La empresa contrató a un detective privado para comprobar si realmente estaba tan limitado como el trabajador alegaba. El informe recogía cómo salía de la casa y levantaba una maleta con su mano derecha sin aparente dificultad. Además, comprobó que no usaba la férula prescrita para la recuperación del esguince.
Por ello, la empresa decidió comunicarle su despido disciplinario alegando mala fe y pérdida de confianza.
El Despido es nulo
El trabajador decidió recurrir a la justicia para reclamar su despido, solicitando la nulidad del mismo, al considerar que se había vulnerado su derecho fundamental a la intimidad y a la protección de datos, ya que la empresa había recurrido a un detective privado sin justificación ni sospechas previas, por lo que suponía una medida desproporcionada.
El Juzgado de lo Social número 5 de Bilbao le dio la razón y declaro el despido nulo, al considerar que las pruebas obtenidas por la empresa mediante el detective privado no podían utilizarse para justificar el despido.
¿Por qué no fueron válidas las pruebas del detective privado?

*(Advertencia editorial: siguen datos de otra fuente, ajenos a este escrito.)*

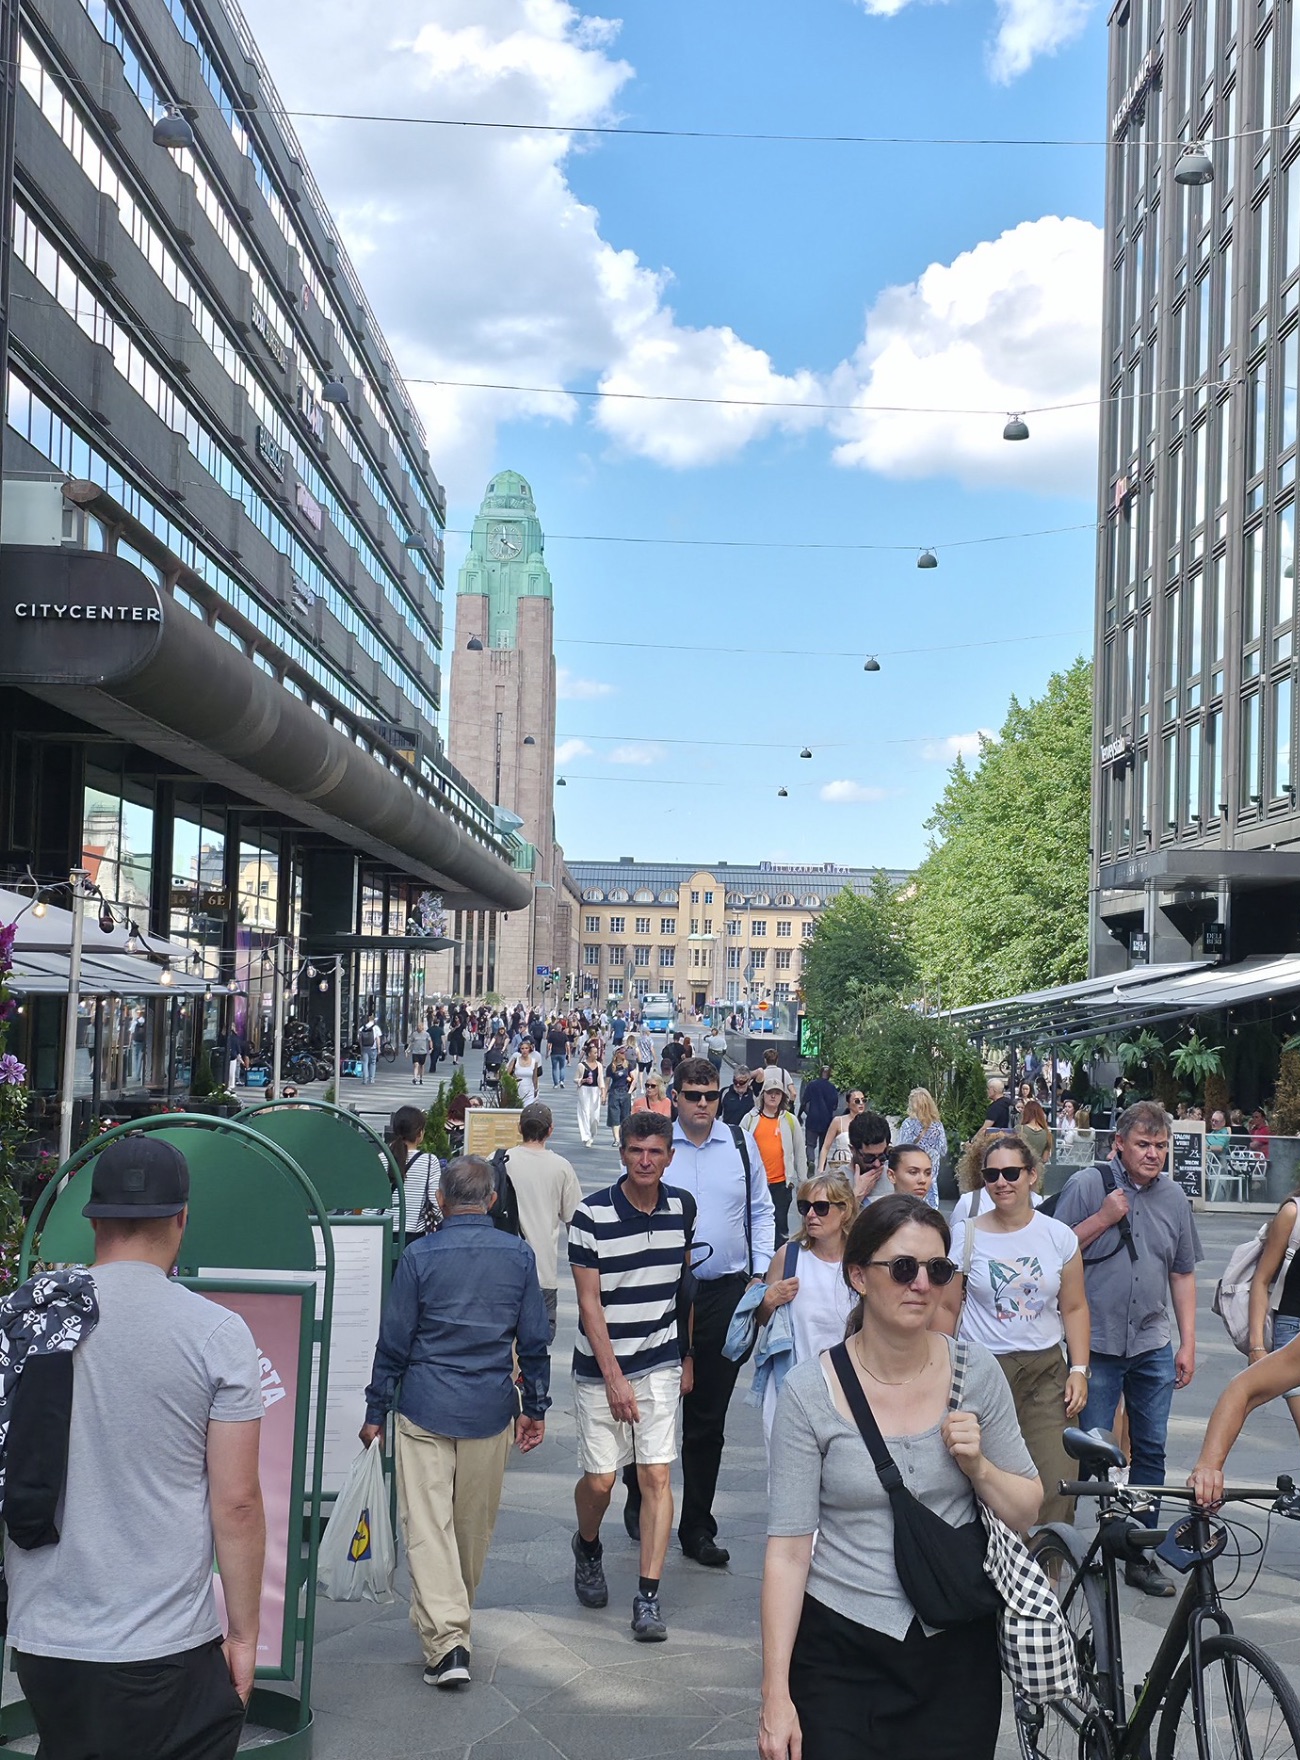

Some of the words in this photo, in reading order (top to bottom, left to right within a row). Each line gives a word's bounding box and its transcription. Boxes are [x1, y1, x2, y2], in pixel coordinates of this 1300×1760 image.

[14, 603, 160, 621] CITYCENTER
[207, 895, 226, 906] 6E
[256, 1347, 287, 1409] STA
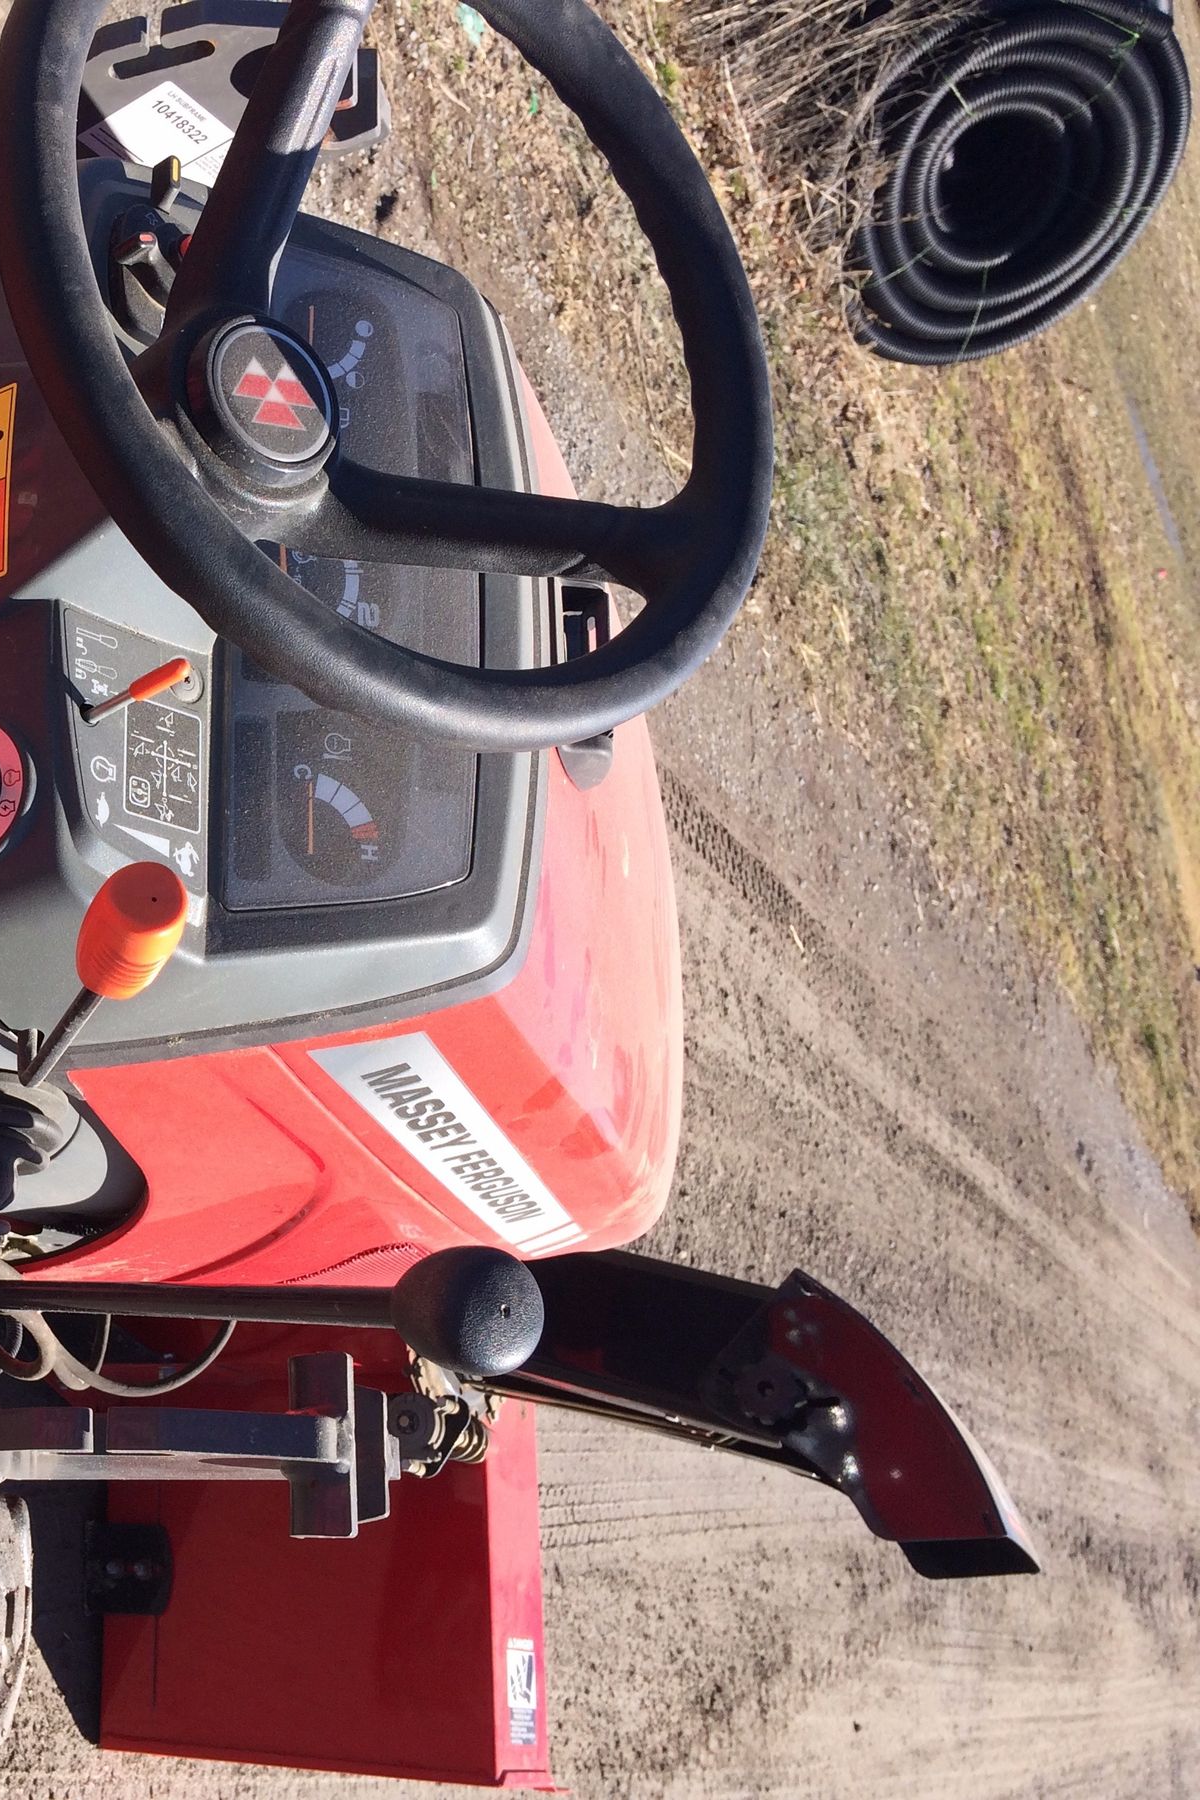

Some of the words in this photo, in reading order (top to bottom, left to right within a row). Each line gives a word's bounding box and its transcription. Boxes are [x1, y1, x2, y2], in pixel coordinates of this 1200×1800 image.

[151, 99, 209, 145] 10418322
[293, 764, 312, 780] C
[360, 844, 379, 861] H
[360, 1062, 477, 1151] MASSEY
[442, 1149, 545, 1224] FERGUSON
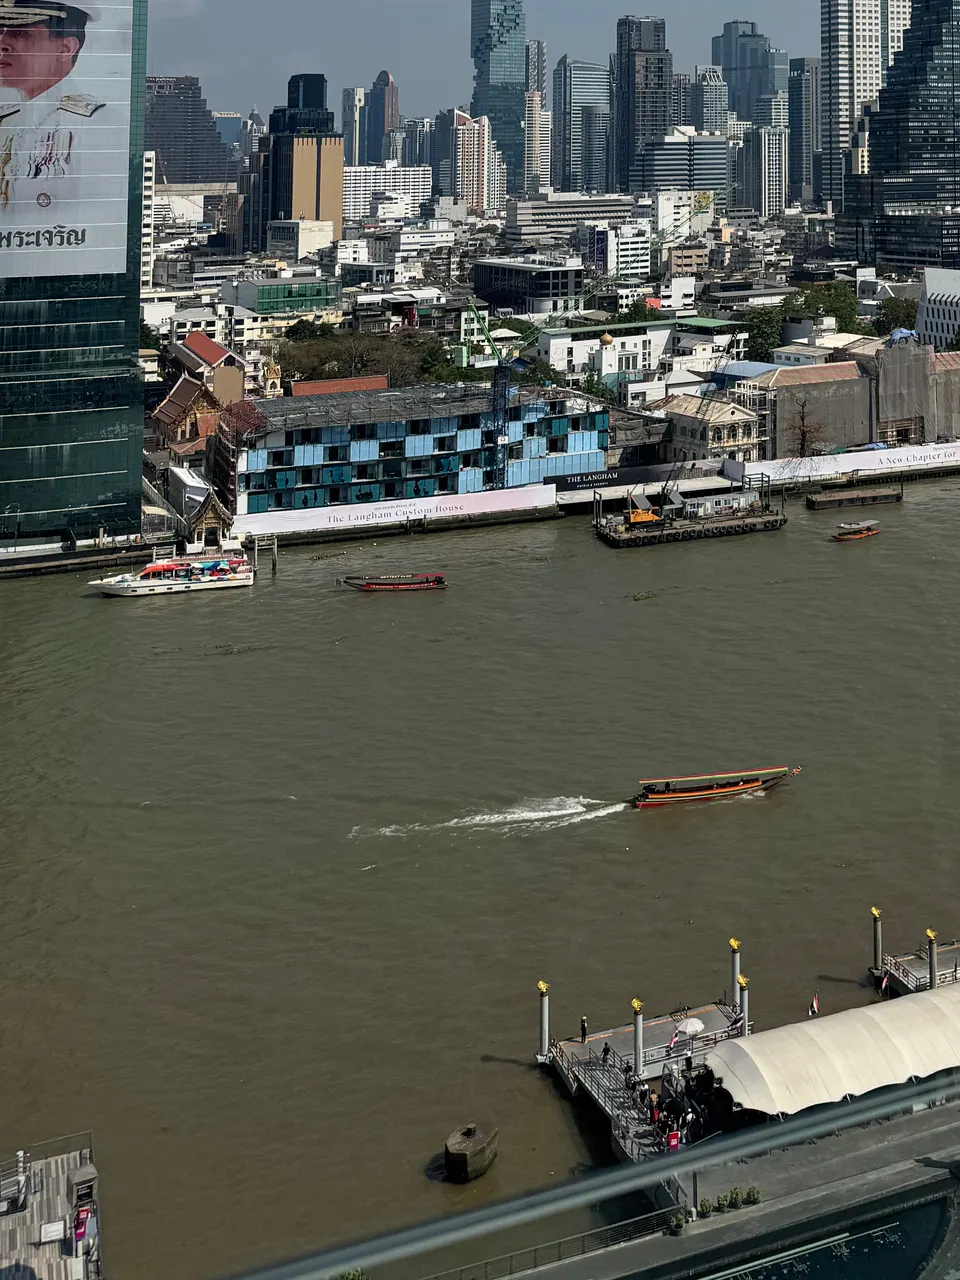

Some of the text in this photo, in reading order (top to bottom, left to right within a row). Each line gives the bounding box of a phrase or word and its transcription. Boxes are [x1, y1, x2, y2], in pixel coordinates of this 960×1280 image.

[906, 453, 941, 463] Chapter
[944, 450, 956, 458] for
[583, 472, 618, 482] LANGHAM
[326, 504, 465, 524] The Langham Custom House
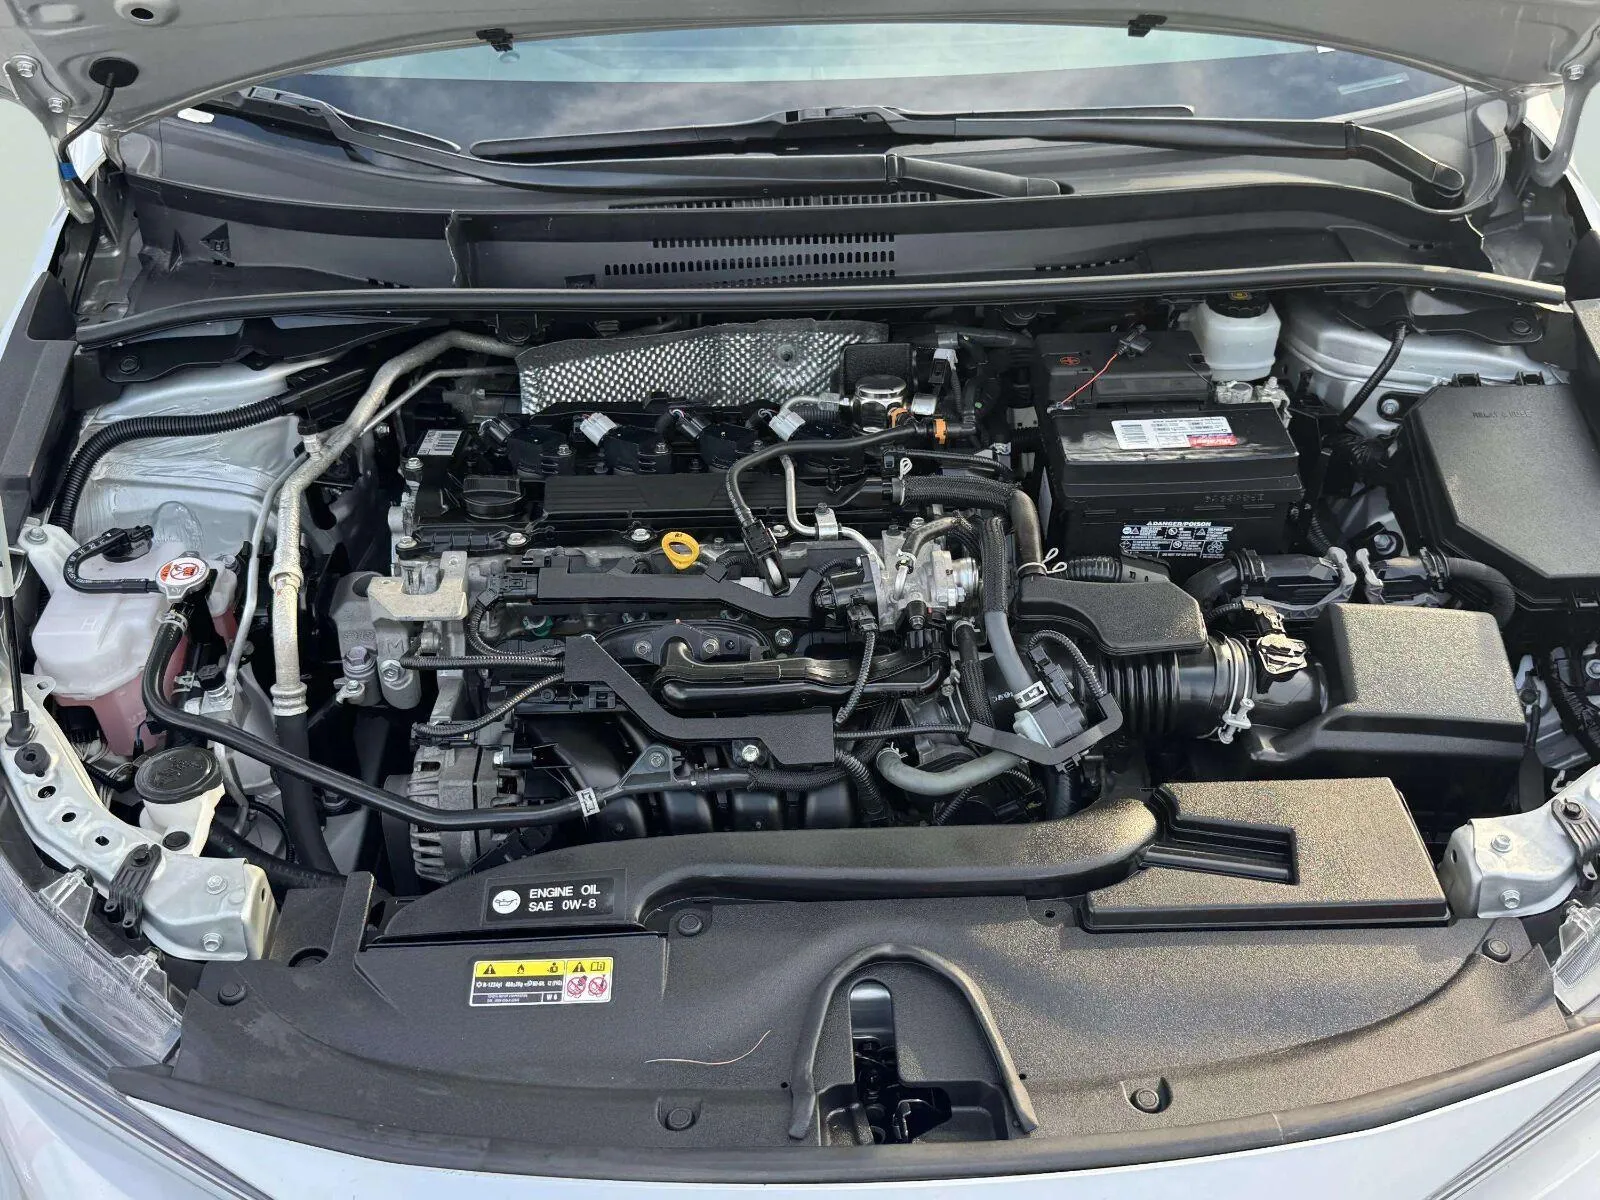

Aunque las empresas pueden vigilar el cumplimiento del contrato de los trabadores (artículo 20.3 del Estatuto los Trabajadores), esa vigilancia debe respetar los derechos fundamentales de los trabajadores, como la intimidad o la protección de datos. Por ello, para que una investigación con detectives sea válida, debe cumplir ciertos principios básicos como:
- Idoneidad: que la medida sirva para conseguir un objetivo legítimo.
- Necesidad: que no haya otra forma menos invasiva de conseguir esa información.
- Proporcionalidad: que el control no sea excesivo en relación con lo que se quiere comprobar.
- Razonabilidad: que haya al menos algún indicio o sospecha previa que justifique vigilar al trabajador.
En este caso, la empresa no pudo explicar por qué decidió vigilar a su trabajador, es decir, no demostró que existiera ni siquiera una sospecha razonable previa. Por tanto, aunque el detective viera algo “sospechoso”, el informe se obtuvo vulnerando su intimidad, y eso hace que la prueba sea ilegal. Si una prueba se obtiene vulnerando derechos fundamentales, no puede usarse en juicio.
El TSJPV confirma la nulidad del despido
La empresa, al no estar conforme con la sentencia del Juzgado de lo Social, decidió recurrir ante el Tribunal Superior de Justicia del País Vasco, defendiendo que el informe del detective era una prueba válida. Alegó que el seguimiento fue realizado en espacios públicos, sin vulnerar la intimidad del trabajador. Es más, citó la Sentencia del Tribunal Supremo 551/2023 (ROJ 3677/2023) para sostener que no se requerían sospechas fundadas previas para justificar la vigilancia.
Sin embargo, obtuvo la misma respuesta, ya que el tribunal en su sentencia 837/2025 reconoce que la sentencia del Supremo matiza que no es imprescindible contar con sospechas fundadas para iniciar un seguimiento, también recuerda que debe existir al menos algún indicio previo que justifique la medida. En este caso, la empresa no acreditó ningún motivo previo que justificara la contratación del detective.
Por ello, confirma la nulidad del despido y la obligación de reincorporar al trabajador en su puesto, abonarle los salarios de tramitación y 3.000 euros de indemnización por vulneración de derecho fundamental.